------ Given records

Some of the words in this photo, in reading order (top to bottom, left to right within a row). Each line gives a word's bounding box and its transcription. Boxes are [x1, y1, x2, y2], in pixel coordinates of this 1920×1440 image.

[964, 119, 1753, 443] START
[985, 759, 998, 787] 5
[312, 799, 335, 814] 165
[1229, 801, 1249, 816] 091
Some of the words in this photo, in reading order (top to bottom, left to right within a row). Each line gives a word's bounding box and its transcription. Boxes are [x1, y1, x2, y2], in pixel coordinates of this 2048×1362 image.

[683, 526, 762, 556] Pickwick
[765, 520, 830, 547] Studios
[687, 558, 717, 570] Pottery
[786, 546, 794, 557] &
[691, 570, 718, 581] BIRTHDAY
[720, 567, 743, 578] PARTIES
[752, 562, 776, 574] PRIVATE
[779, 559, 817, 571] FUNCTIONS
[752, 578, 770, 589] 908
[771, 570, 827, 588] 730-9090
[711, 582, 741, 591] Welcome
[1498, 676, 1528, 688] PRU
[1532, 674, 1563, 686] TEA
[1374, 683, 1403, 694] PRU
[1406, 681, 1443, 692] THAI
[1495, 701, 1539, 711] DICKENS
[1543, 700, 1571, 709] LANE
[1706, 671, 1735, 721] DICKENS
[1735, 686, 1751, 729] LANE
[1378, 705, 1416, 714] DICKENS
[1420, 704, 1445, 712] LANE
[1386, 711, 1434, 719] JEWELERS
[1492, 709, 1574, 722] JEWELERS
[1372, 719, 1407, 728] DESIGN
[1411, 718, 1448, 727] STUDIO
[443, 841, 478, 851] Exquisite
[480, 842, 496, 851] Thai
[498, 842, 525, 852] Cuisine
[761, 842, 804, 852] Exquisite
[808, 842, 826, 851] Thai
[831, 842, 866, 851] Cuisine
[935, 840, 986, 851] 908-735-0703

------------

:: Your goal ::
Could you restate every entry above word for word?

:: Answer area ::
Some of the words in this photo, in reading order (top to bottom, left to right within a row). Each line gives a word's bounding box and its transcription. Boxes are [x1, y1, x2, y2], in pixel coordinates of this 1920×1440 image.

[964, 119, 1753, 443] START
[985, 759, 998, 787] 5
[312, 799, 335, 814] 165
[1229, 801, 1249, 816] 091
Some of the words in this photo, in reading order (top to bottom, left to right within a row). Each line gives a word's bounding box and its transcription. Boxes are [x1, y1, x2, y2], in pixel coordinates of this 2048×1362 image.

[683, 526, 762, 556] Pickwick
[765, 520, 830, 547] Studios
[687, 558, 717, 570] Pottery
[786, 546, 794, 557] &
[691, 570, 718, 581] BIRTHDAY
[720, 567, 743, 578] PARTIES
[752, 562, 776, 574] PRIVATE
[779, 559, 817, 571] FUNCTIONS
[752, 578, 770, 589] 908
[771, 570, 827, 588] 730-9090
[711, 582, 741, 591] Welcome
[1498, 676, 1528, 688] PRU
[1532, 674, 1563, 686] TEA
[1374, 683, 1403, 694] PRU
[1406, 681, 1443, 692] THAI
[1495, 701, 1539, 711] DICKENS
[1543, 700, 1571, 709] LANE
[1706, 671, 1735, 721] DICKENS
[1735, 686, 1751, 729] LANE
[1378, 705, 1416, 714] DICKENS
[1420, 704, 1445, 712] LANE
[1386, 711, 1434, 719] JEWELERS
[1492, 709, 1574, 722] JEWELERS
[1372, 719, 1407, 728] DESIGN
[1411, 718, 1448, 727] STUDIO
[443, 841, 478, 851] Exquisite
[480, 842, 496, 851] Thai
[498, 842, 525, 852] Cuisine
[761, 842, 804, 852] Exquisite
[808, 842, 826, 851] Thai
[831, 842, 866, 851] Cuisine
[935, 840, 986, 851] 908-735-0703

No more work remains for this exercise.